- Education: Melbourne University Sydney University Imperial College London
- Scientific career
- Workplaces: SRI International Monash University Precedence Health Care

= Michael Georgeff =

Australian computer scientist and entrepreneur

Michael Peter Georgeff is a computer scientist and entrepreneur who has made contributions in the areas of Intelligent Software Agents and eHealth.

Georgeff is a former program director in the Artificial Intelligence Center at SRI International, Menlo Park, California, and former director of the Australian Artificial Intelligence Institute Ltd., at the University of Melbourne. Georgeff is founder and chief executive officer of Precedence Health Care and Professor in the Faculty of Medicine, Nursing and Health Sciences at Monash University.

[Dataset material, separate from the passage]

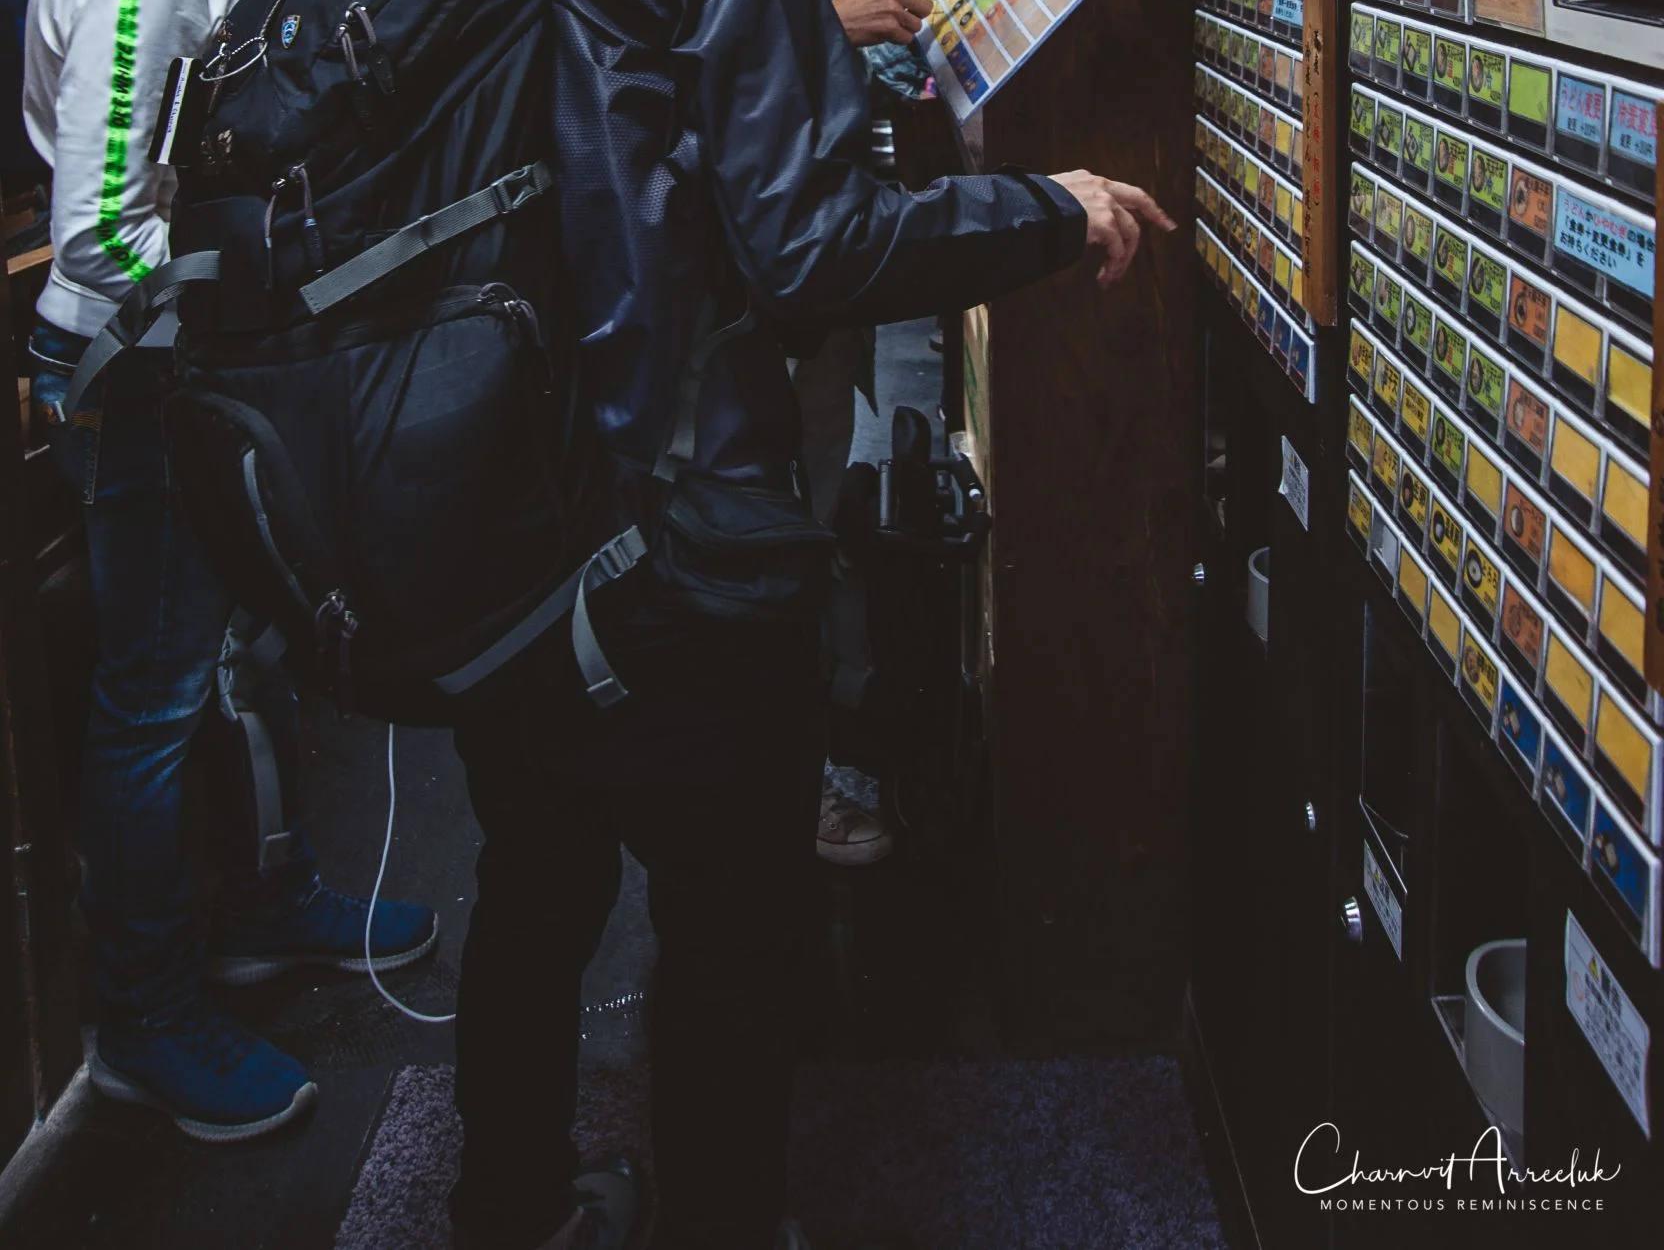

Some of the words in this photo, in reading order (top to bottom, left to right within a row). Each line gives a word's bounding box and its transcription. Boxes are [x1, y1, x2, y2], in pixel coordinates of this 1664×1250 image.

[1560, 231, 1618, 270] お持ちください
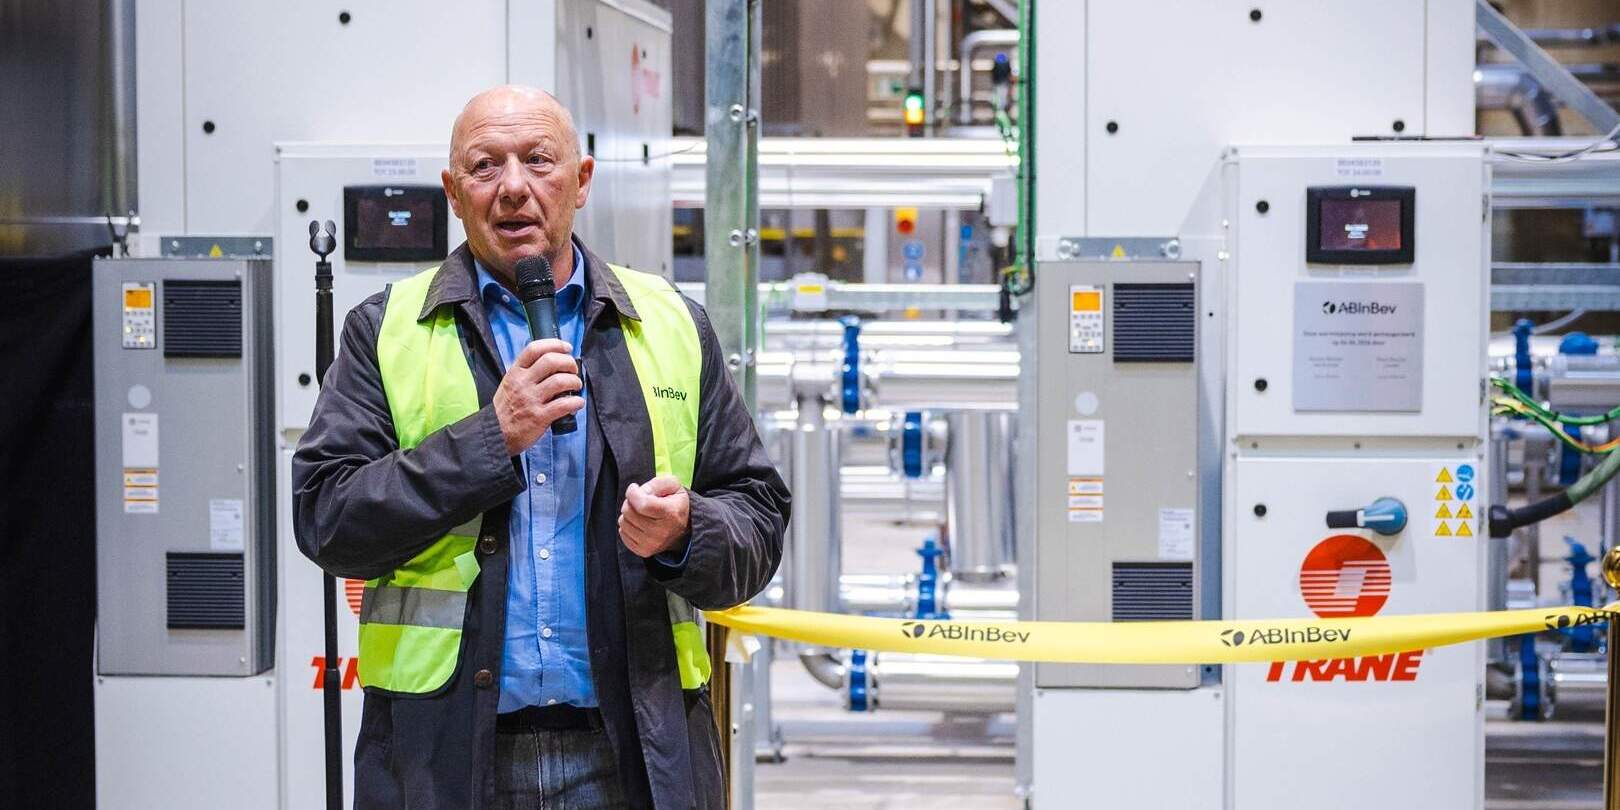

== Early life and education ==
Georgeff has a BSc in Physics and Mathematics from Melbourne University, Australia, a B.E. in Aeronautical Engineering from Sydney University, and a PhD from Imperial College London.

== Career ==
While at SRI International, Georgeff was involved in the development of the Procedural Reasoning System and its application to monitor the Reaction Control System of the NASA Space Shuttle Discovery in 1997. Georgeff's work on PRS popularized the field of Intelligent agents and defined the Belief–Desire–Intention (BDI) software model for programming intelligent agents. In 1988, Georgeff was invited back to Australia to start the Australian Artificial Intelligence Institute which continued work developing and commercializing intelligent agent technology. While at the AAII, Georgeff started Agentis International to explore the commercialization of intelligent agent technology.

Georgeff was instrumental in at least the following contributions to the field of Intelligent Software Agents: Procedural Reasoning System: An intelligent agent architecture and framework and seminal example of the BDI software model; and Belief–Desire–Intention: An intentional software framework for programming intelligent agents based on the BDI cognitive model.

In the early 2000s, Georgeff joined Monash University as director of the e-Health Research Unit of the Monash Institute of Health Services Research, to investigate the application of advanced ICT to health and medicine. Georgeff founded and is CEO of Precedence Health Care, a company dedicated to investigating the commercialization of eHealth technology.

He was the academic supervisor of Rodney Brooks (former director of the MIT Media lab, and founder of IRobot), and Christian Guttmann (global head of Artificial Intelligence and Vice President at Tieto, professor at UNSW).

He was elected an AAAI Fellow in 1995.